Yup, G2G. To add to the story, Jehovah (a jealous God who hates women due to his sister being more powerful-popular than him), did war with Yahweh. Id, however, stayed out of it and minded his own business - a very peaceful dude.
Well, Jehovah actually won the war, the rotten egg.
So, in the meanwhile, the troops of Yahweh have been preparing, along with Ramtha, for the return of Jehovah (whose presence can be felt here on Earth). They would do battle again, and Jehovah would lose.
Then, another day, Ramtha told the audience that WE (humanity) is Jehovah. The collective consciousness of the first three seals, trapped from visible light, downward.
So, yet again, WE are made "wrong". Directly, indirectly, doesn't matter, just always happens.
Oh ! And don't forget that when the next war happens, there will be the 12 Days of Light in the heavens, with no night time. Perpetual light that we'll need to hide indoors to be safe from. Why ? Cuz it will be the light of the battle of the spaceships. Lasers, as I understood it to represent.
Hmmm....I don't have much in the way of curtains on my windows, LOL. Don't want to obstruct my view.
Thanks Whatchamacallit. Still don't get it.
Weren't Yaweh and Jehovah the same entity, at least in the translation of the Bible commonly used today?
If they were separate - which of them did Jesus derive from, according to JZ?
Should we be worshipping Id, who stayed out of it?
Sounds like, when RSE students are told, "You are God" what is meant is some sort of insult.
Ramtha may be rewriting the Bible ? LOL
Yes, in the Bible, one would think it's one being. R would disagree. He claimed that the old and new testaments are about multiple "Gods"...who warred. He claimed the Old Testament was about the controlling, jealous god Jehovah, and the new one was about Yahweh.
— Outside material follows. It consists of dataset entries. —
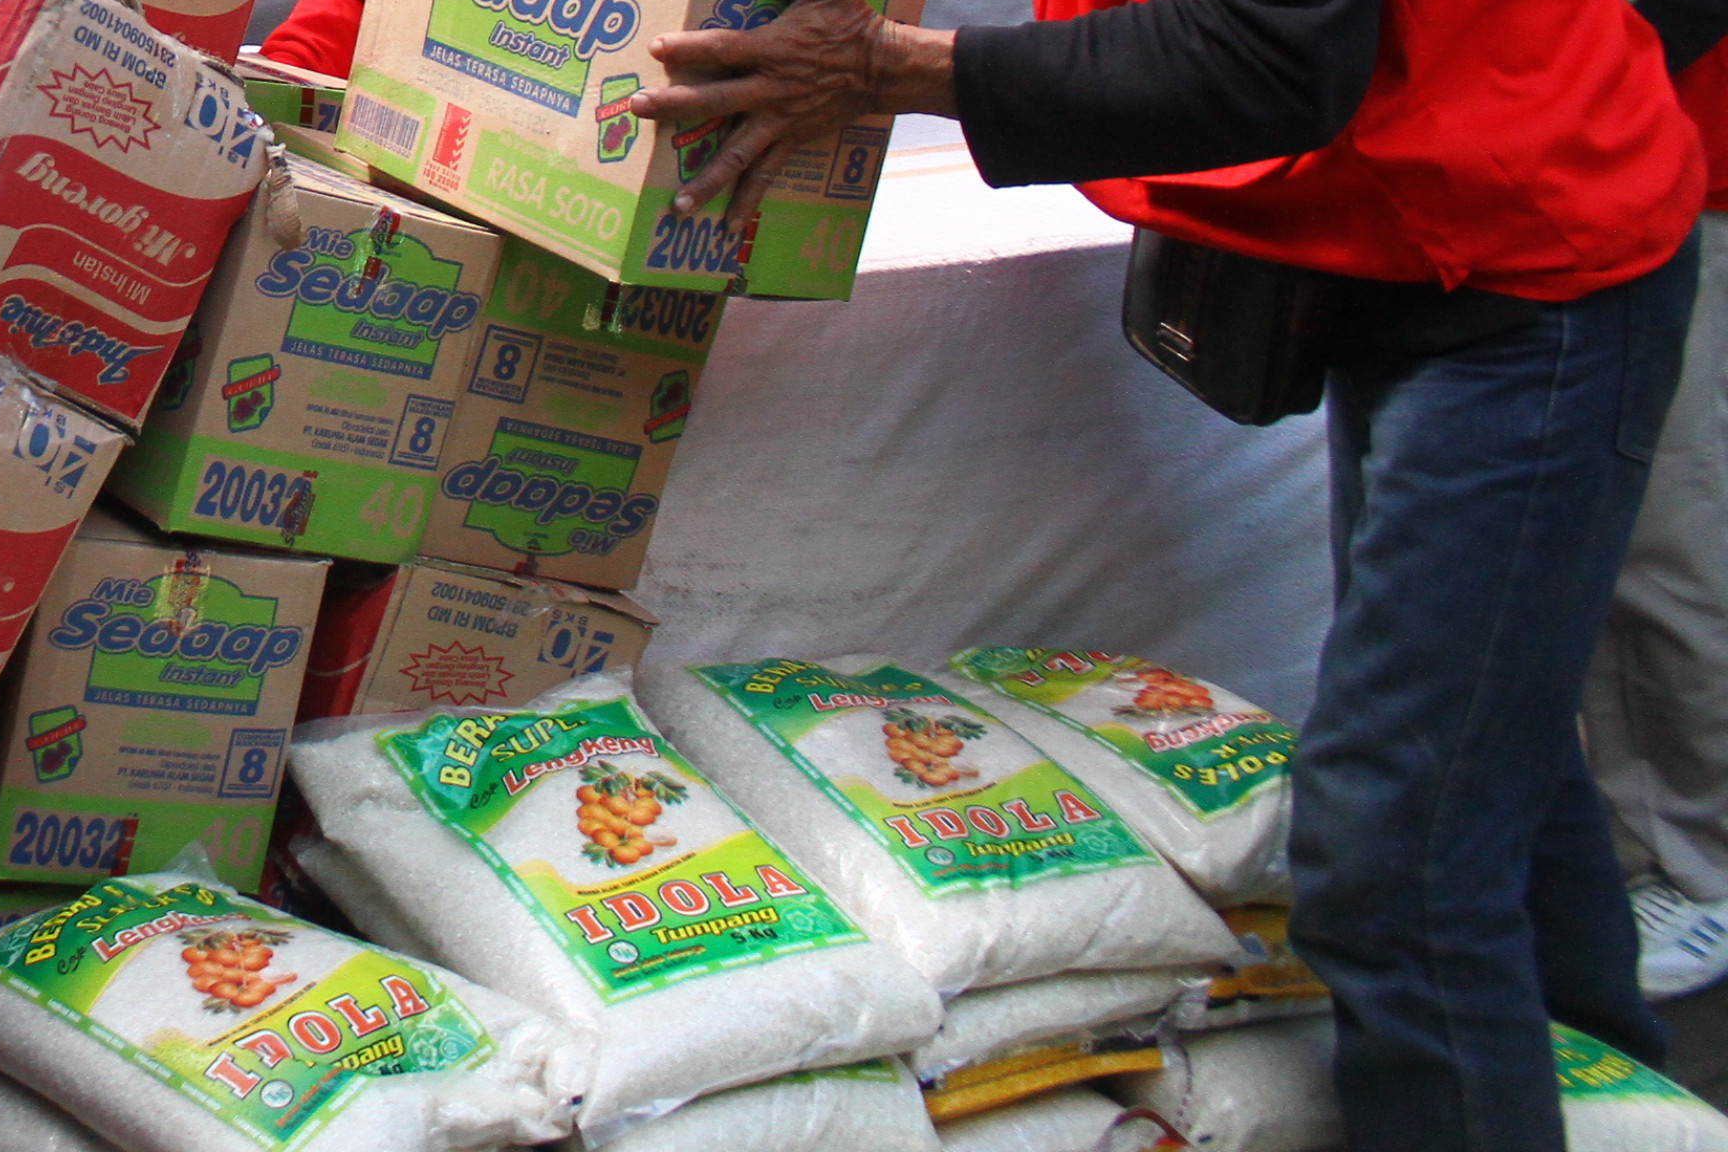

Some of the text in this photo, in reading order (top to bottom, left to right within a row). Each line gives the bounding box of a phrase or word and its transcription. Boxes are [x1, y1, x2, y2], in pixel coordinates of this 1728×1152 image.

[73, 25, 168, 90] BPOM RI MD
[488, 19, 572, 70] Instant
[429, 44, 463, 69] JELAS
[464, 54, 508, 87] TERASA
[509, 71, 572, 112] SEDAPNYA
[842, 147, 868, 185] 8
[15, 151, 150, 240] goreng
[483, 156, 623, 242] RASA SOTO
[302, 225, 355, 259] Mie
[646, 212, 748, 275] 20032
[799, 214, 859, 273] 40
[72, 248, 153, 306] Mi Instan
[255, 248, 482, 342] Sedaap
[504, 259, 570, 320] 40
[291, 341, 424, 376] JELAS TERASA SEDAPNYA
[350, 318, 425, 350] Instant
[493, 343, 522, 382] 8
[408, 416, 437, 455] 8
[506, 448, 580, 476] Instant
[194, 460, 307, 530] 20032
[358, 481, 425, 540] 40
[441, 454, 660, 538] Sedaap
[568, 528, 620, 557] Mie
[90, 577, 156, 608] Mie
[551, 608, 589, 627] BKS
[48, 598, 304, 678] Sedaap
[426, 604, 519, 640] BPOM RI MD
[94, 691, 249, 714] JELAS TERASA SEDAPNYA
[159, 662, 245, 689] Instant
[238, 748, 267, 784] 8
[501, 735, 660, 797] Lengkeng
[9, 811, 127, 870] 20032
[199, 814, 263, 869] 40
[883, 788, 1105, 849] IDOLA
[963, 831, 1076, 858] Tumpang
[565, 863, 811, 945] IDOLA
[651, 906, 779, 945] Tumpang
[750, 926, 780, 942] Kg
[204, 973, 431, 1101] IDOLA
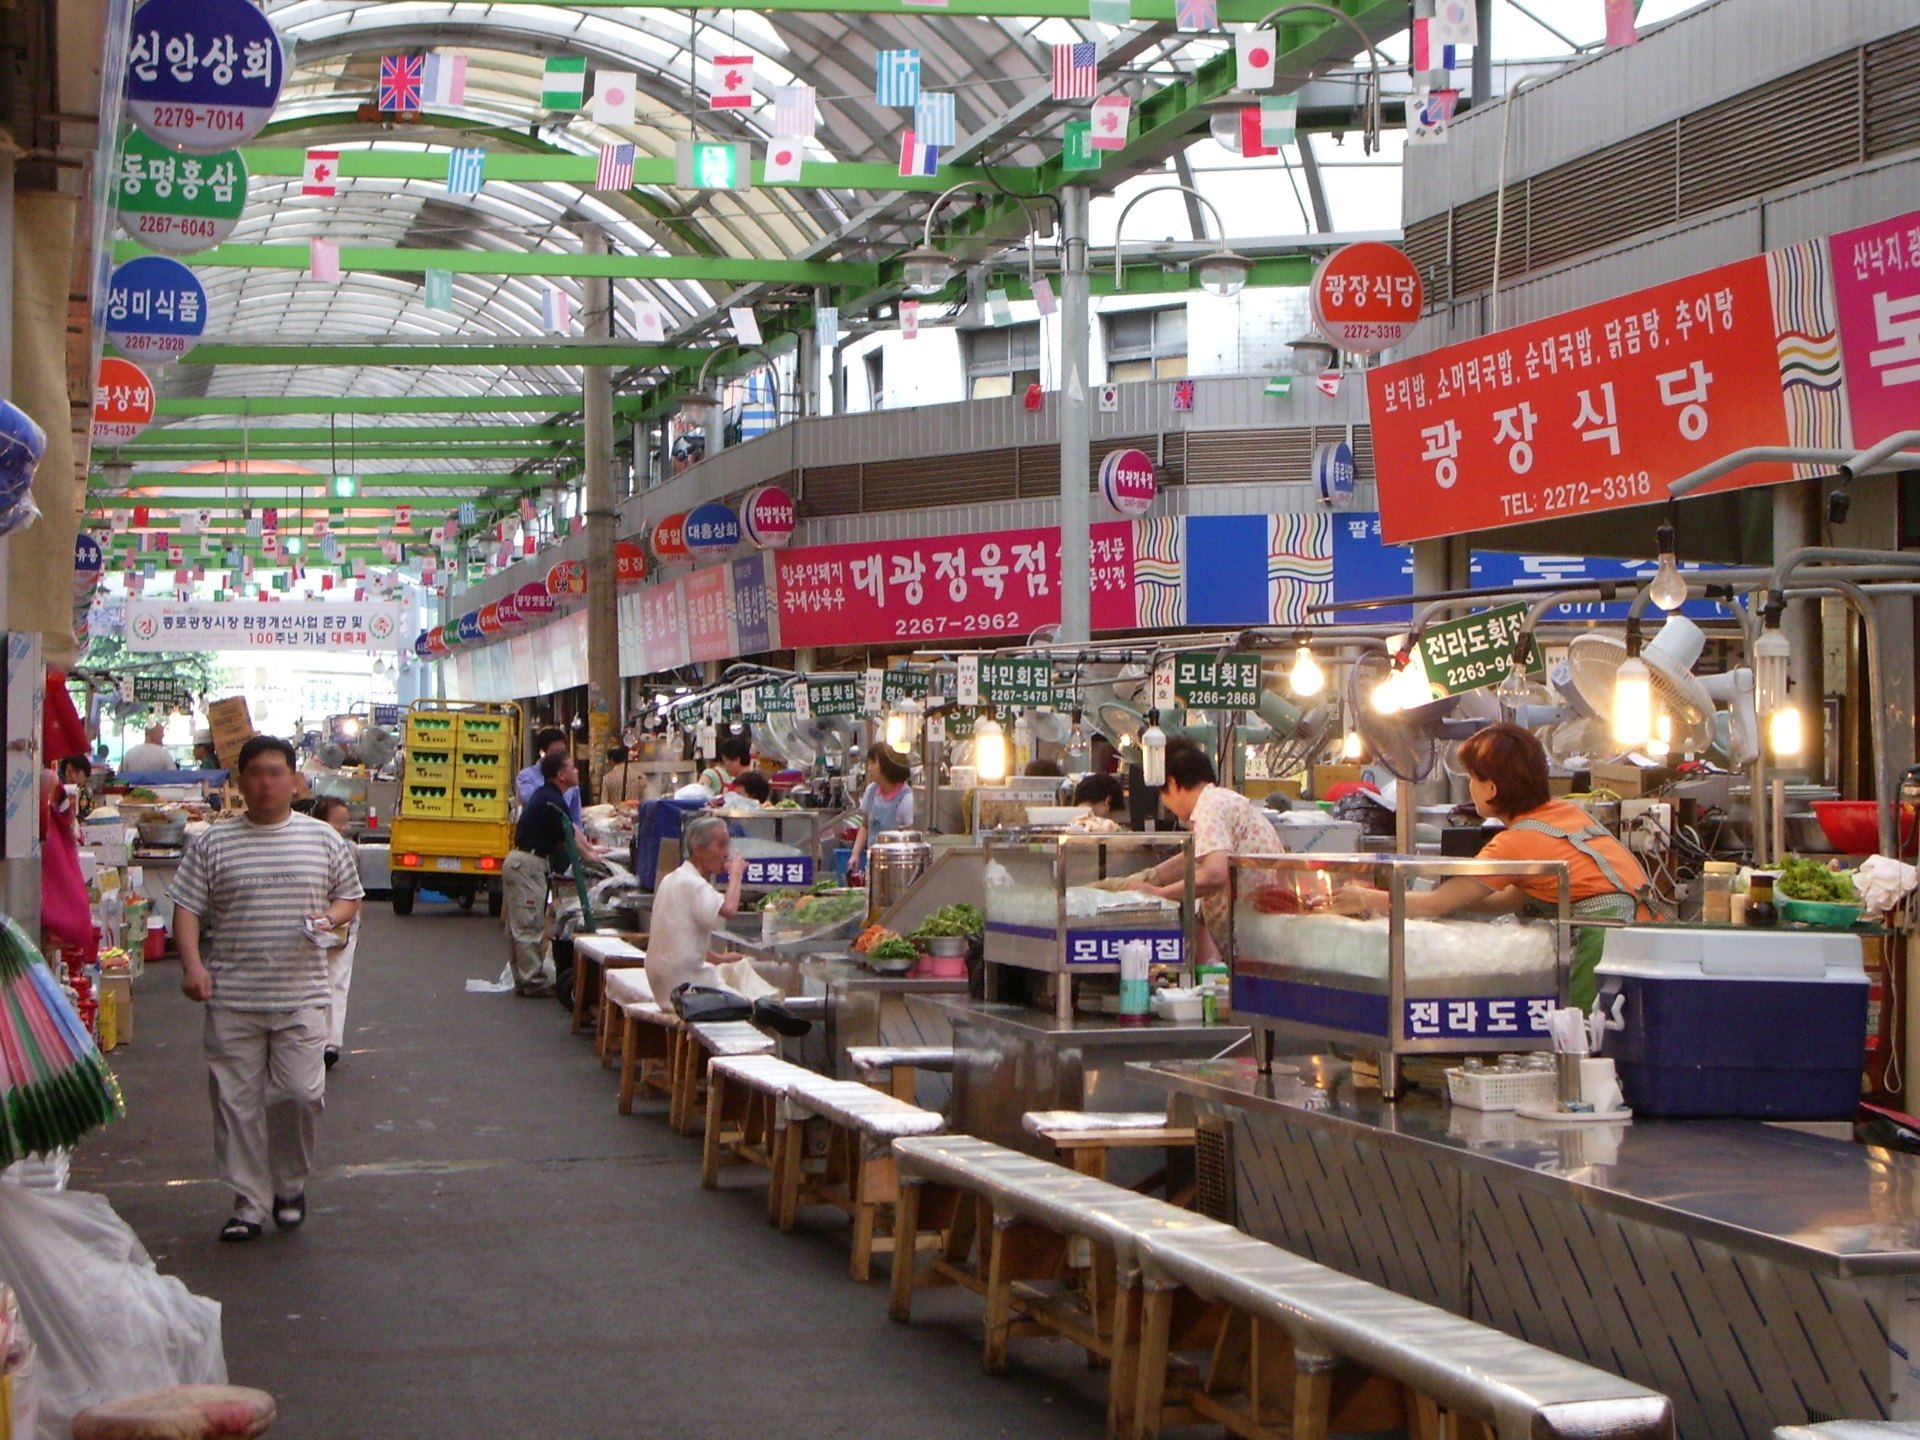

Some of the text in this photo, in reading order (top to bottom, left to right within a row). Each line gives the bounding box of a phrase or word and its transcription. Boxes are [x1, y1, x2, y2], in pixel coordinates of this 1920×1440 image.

[130, 30, 273, 88] 신안상회
[153, 107, 245, 131] 2279-7014
[121, 153, 238, 202] 동명홍삼
[139, 215, 215, 237] 2267-6043
[1325, 274, 1416, 308] 광장식당
[107, 291, 200, 323] 성미식품
[1676, 287, 1734, 341] 추어탕
[125, 334, 185, 351] 2267-2928
[1344, 324, 1401, 339] 2272-3318
[1118, 469, 1153, 489] 대광정육점
[1543, 471, 1651, 511] 2272-3318
[756, 505, 793, 524] 대광정육점
[688, 522, 738, 540] 대흥상회
[780, 560, 844, 587] 한우암돼지
[849, 540, 1049, 609] 대광정육점
[783, 588, 845, 615] 국내산육우
[163, 616, 239, 630] 종로광장시장
[895, 611, 1020, 637] 2267-2962
[249, 632, 298, 644] 100주년
[303, 632, 326, 644] 기념
[962, 675, 974, 684] 25
[1156, 675, 1170, 686] 24
[1179, 663, 1257, 688] 모녀횟집
[868, 686, 879, 695] 27
[991, 690, 1048, 702] 2267-5478
[1189, 691, 1256, 706] 2266-2868
[1410, 999, 1556, 1033] 전라도집
He claimed that the Council of 13 (Gods) "split" their souls and made a new one - Jesus. Then, another time, he said that Jehovah was behind Jesus' coming here, because he was to take a dark path of control, on behalf of Jehovah. BUT, the Council saved the day and intervened.
I think Ramtha has had too much wine.
S/he can't even get a story straight.
I can see a rationale for contrasting the God of the Old Testament with that of the New Testament.
The Old Testament God really could be described as a War God, unlike the God of Love and Peace in the New Testament.
Fortunately, that other stuff, about 13 Gods, (unless they were all aspects of the same divine entity) prevents me from completely agreeing with JZ/R.